De Eisenstein à Godard, quantité de grands réalisateurs ont écrit sur leur art. Après Töpffer, les auteurs de bandes dessinées, eux, sont longtemps restés muets1.

Pendant de nombreuses années, la bande dessinée a souffert d'un déficit de légitimité. La frange de la critique qui tentait de réhabiliter le medium avançait différentes causes symboliques, structurales et éditoriales. Thierry Groensteen expose celles-ci de manière très claire dans son essai Un objet culturel non identifié. En résumé, on peut dire qu'en plus du mélange de textes et d'images qui la rend hautement suspecte, la bande dessinée entretient, dans les représentations communes, un lien fort avec l'enfance et l'humour. De plus, elle est généralement soumise à la loi des séries et semble vouée à la répétition sans fin de stéréotypes narratifs vu sa tendance marquée à l'oubli de sa propre histoire. Enfin, la quasi inexistence des rééditions de classiques fait de la mémoire du medium une affaire de spécialistes.

Néanmoins, depuis quelque temps, les choses évoluent. Différentes initiatives (musées de la bande dessinée, festivals, prix, présence médiatique, etc.) ont vu le jour et entreprennent de soutenir et développer la légitimité de la bande dessinée.

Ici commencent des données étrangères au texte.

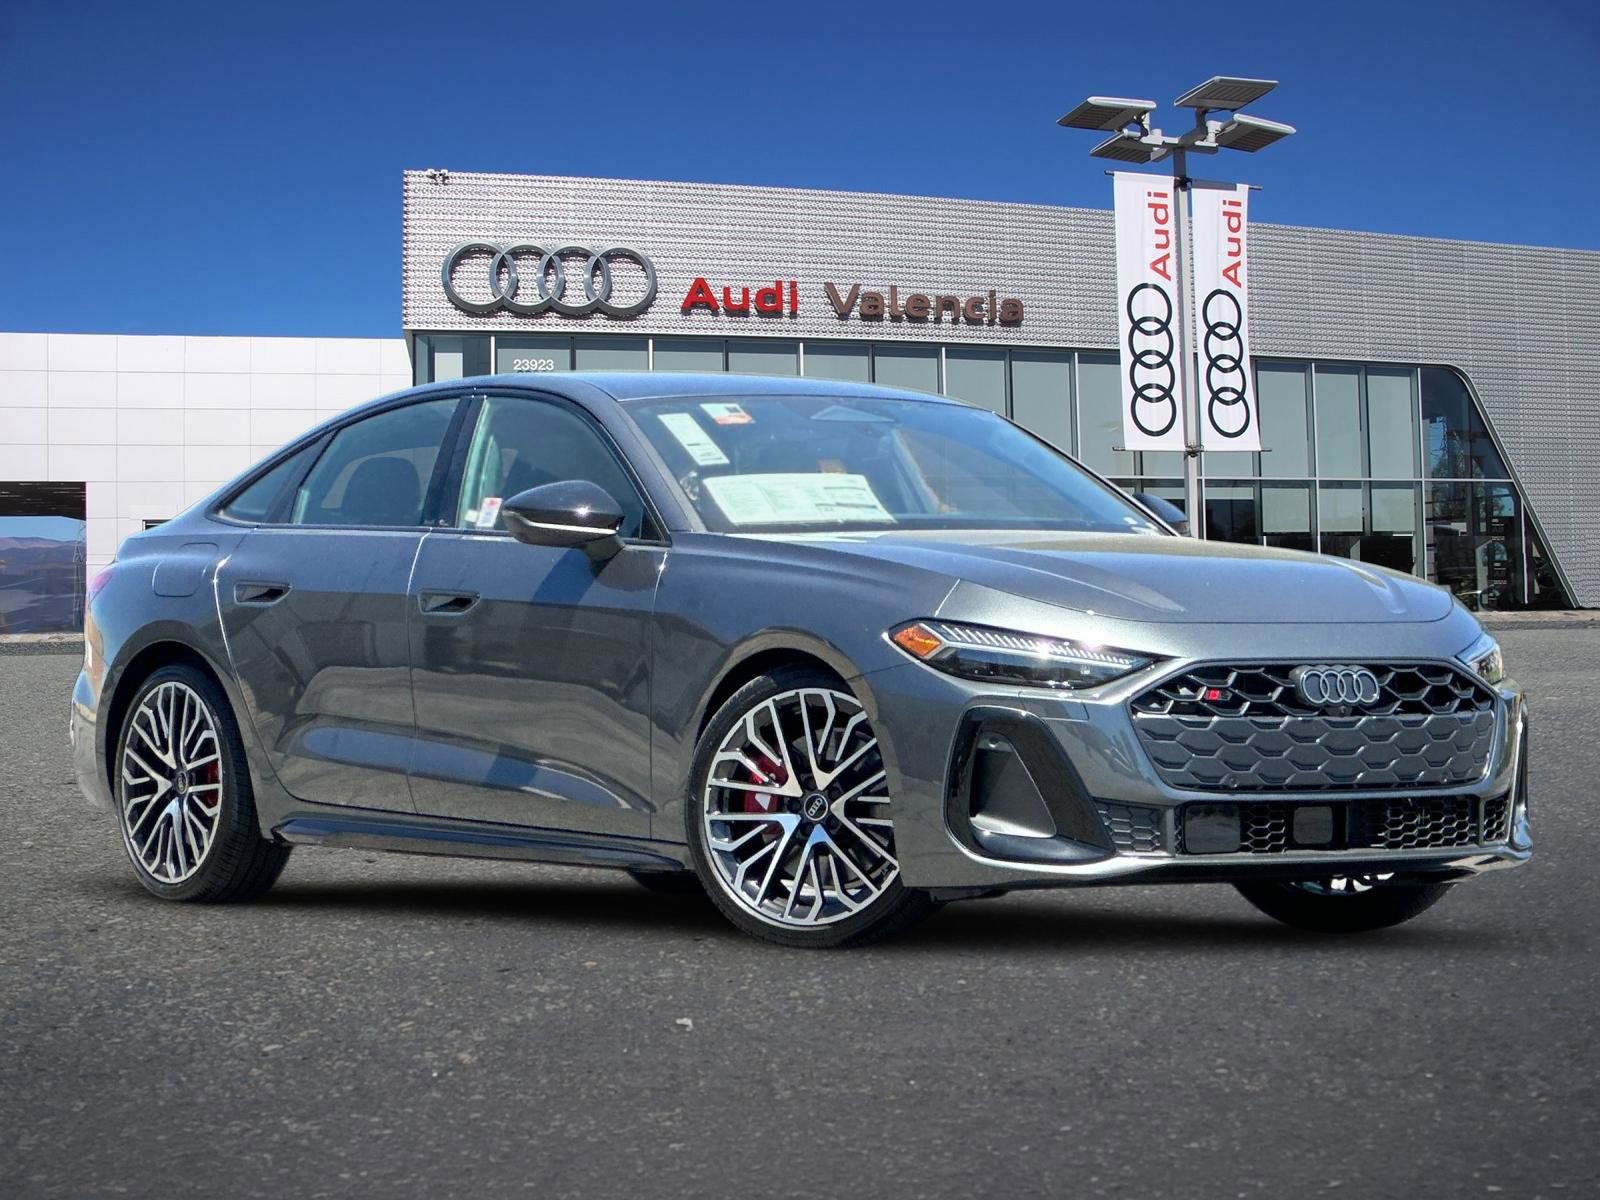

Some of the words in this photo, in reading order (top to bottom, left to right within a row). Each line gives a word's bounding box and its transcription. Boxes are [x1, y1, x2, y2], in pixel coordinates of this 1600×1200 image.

L'histoire des champs de productions culturelles et artistiques montre cependant que légitimité et autonomie ont souvent partie liée et les initiatives externes au champ de la bande dessinée ne pourront imposer une reconnaissance artistique légitime ni en son sein, c'est-à-dire pour les auteurs eux-mêmes, ni en dehors, auprès du public. C'est des auteurs eux-mêmes que doit venir ce mouvement de légitimation. Comme tout champ qui se dote de ses propres règles, c'est aux auteurs de distinguer ce qui est valable ou pas, d'instaurer une hiérarchie au sein de la production et de théoriser leurs pratiques.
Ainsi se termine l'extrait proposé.